Union turns to the people. The ABC is in negotiations for its triennial funding round. The final outcome will be unveiled in the budget, but in the meanwhile, the Media Arts and Entertainment Alliance is calling on citizens to email their local MP to ask for an ABC funding increase.

“After the savage funding and job cuts under the Liberal-National Coalition government, this is the best chance to fix the ABC and set it on a sustainable path as the national broadcaster for all of Australia — both urban and regional — in the digital age,” Paul Murphy says.

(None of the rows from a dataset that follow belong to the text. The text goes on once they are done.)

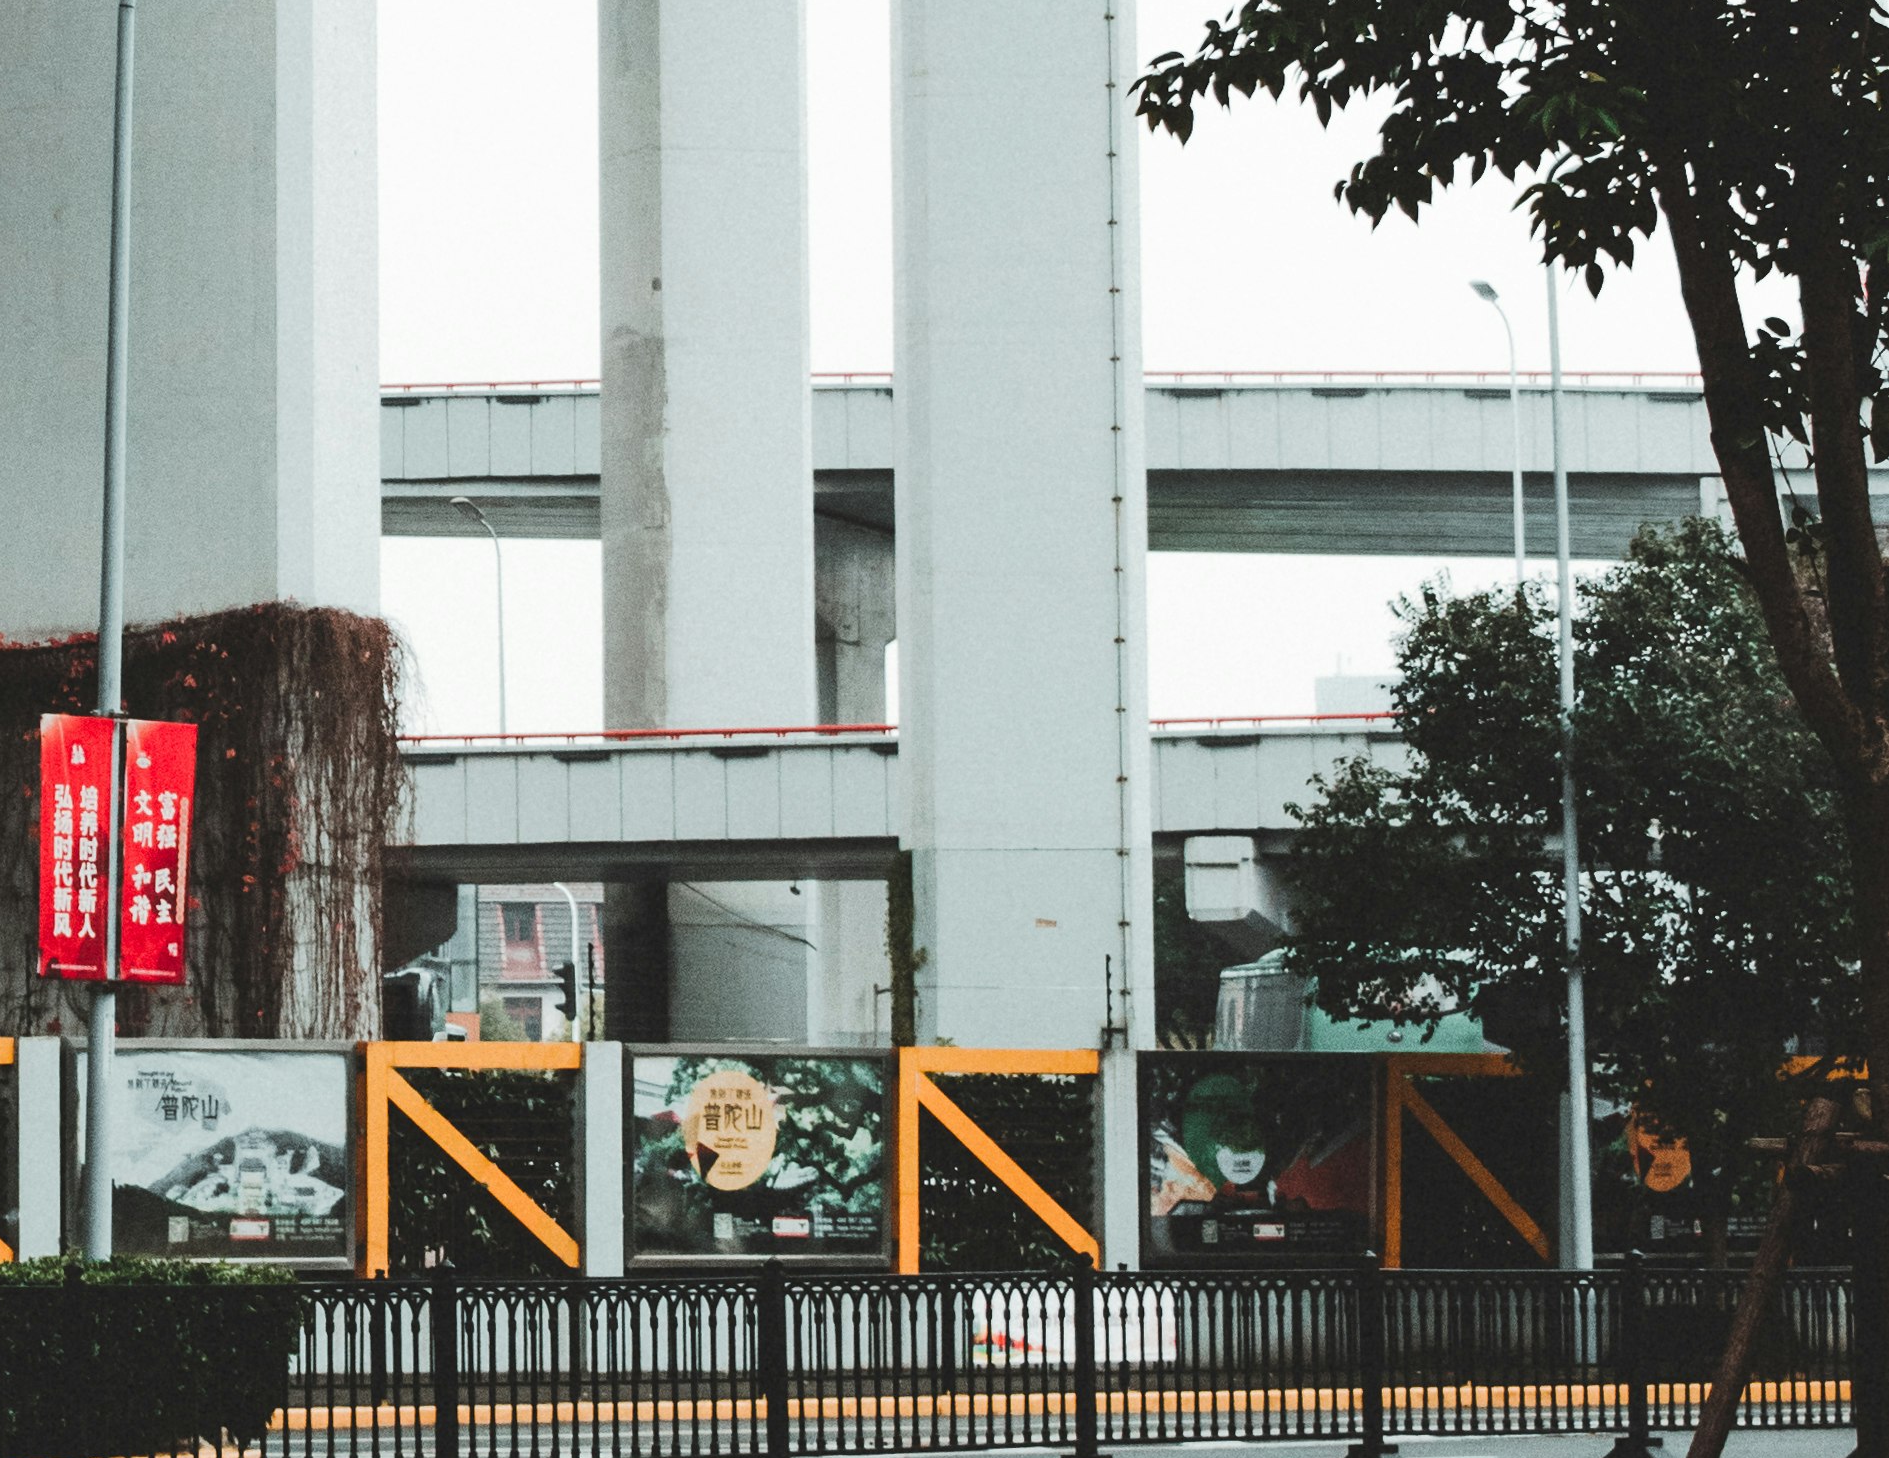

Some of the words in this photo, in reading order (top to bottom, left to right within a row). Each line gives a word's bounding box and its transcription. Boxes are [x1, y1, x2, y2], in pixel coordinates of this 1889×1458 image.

[132, 789, 153, 848] 文明
[157, 790, 178, 850] 富强
[53, 784, 73, 937] 弘扬时代新风
[78, 785, 98, 938] 培养时代新人
[129, 863, 151, 925] 和谐
[155, 868, 175, 924] 民主
[161, 1094, 219, 1121] 普陀山
[703, 1103, 763, 1132] 普陀山
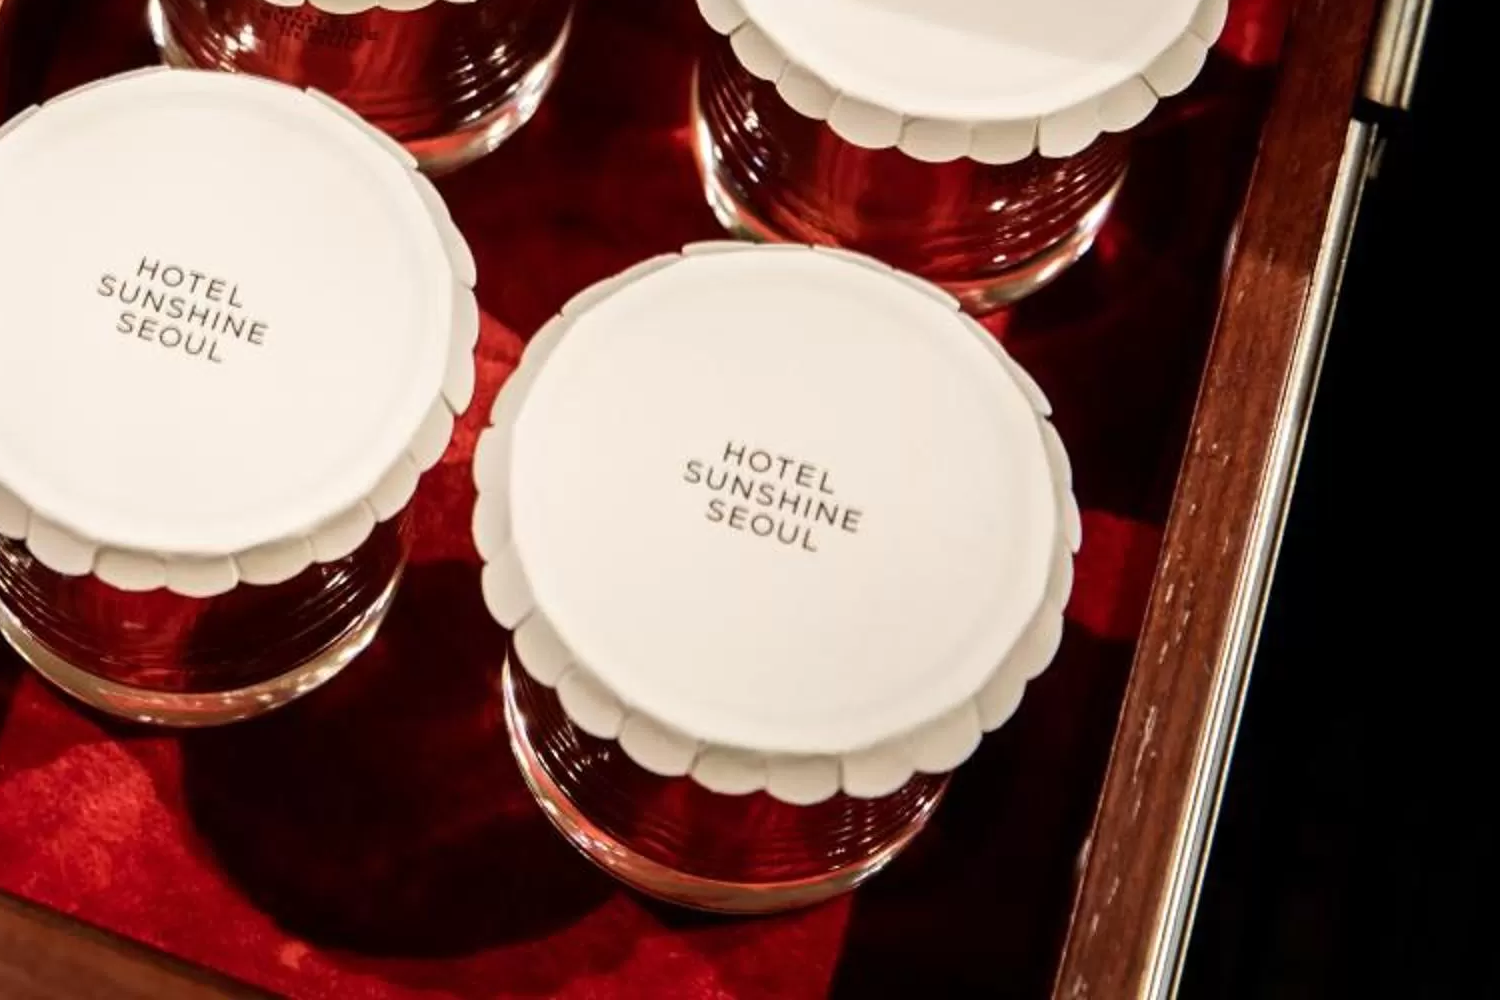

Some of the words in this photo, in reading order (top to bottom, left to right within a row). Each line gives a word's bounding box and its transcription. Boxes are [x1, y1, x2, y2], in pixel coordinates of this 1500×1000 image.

So far 600 emails have been sent through the MEAA portal created for the purpose. — Myriam Robin

Today in radio news. Miranda Devine quits her 2GB show, but Mark Latham starts up on Triple M. You win some, you lose some.

Cleo‘s last centrefold. Lisa Wilkinson got rid of Cleo’s Mate of the Month feature when she was editor. Canning the popular feature was controversial, but, she felt, an important step with the times. As she wrote in The Huffington Post this week, she justified the decision to a sceptical Kerry Packer thus:

“As far as I was concerned, getting rid of the centrefold was the best statement I could make that this magazine, so linked to its ’70s birthplace, had moved on, into the go-ahead ’80s. We got the joke: blokes had their Playboys, we girls could do it too. But we had done it. We’d delivered the punchline. For 13 years now. It was time to move on.”

Wilkinson replaced the centrefold with the Cleo Bachelor of the year. But before that, she did publish one centrefold, which Crikey found in the archives. It’s of Mel Gibson, wearing, well, everything …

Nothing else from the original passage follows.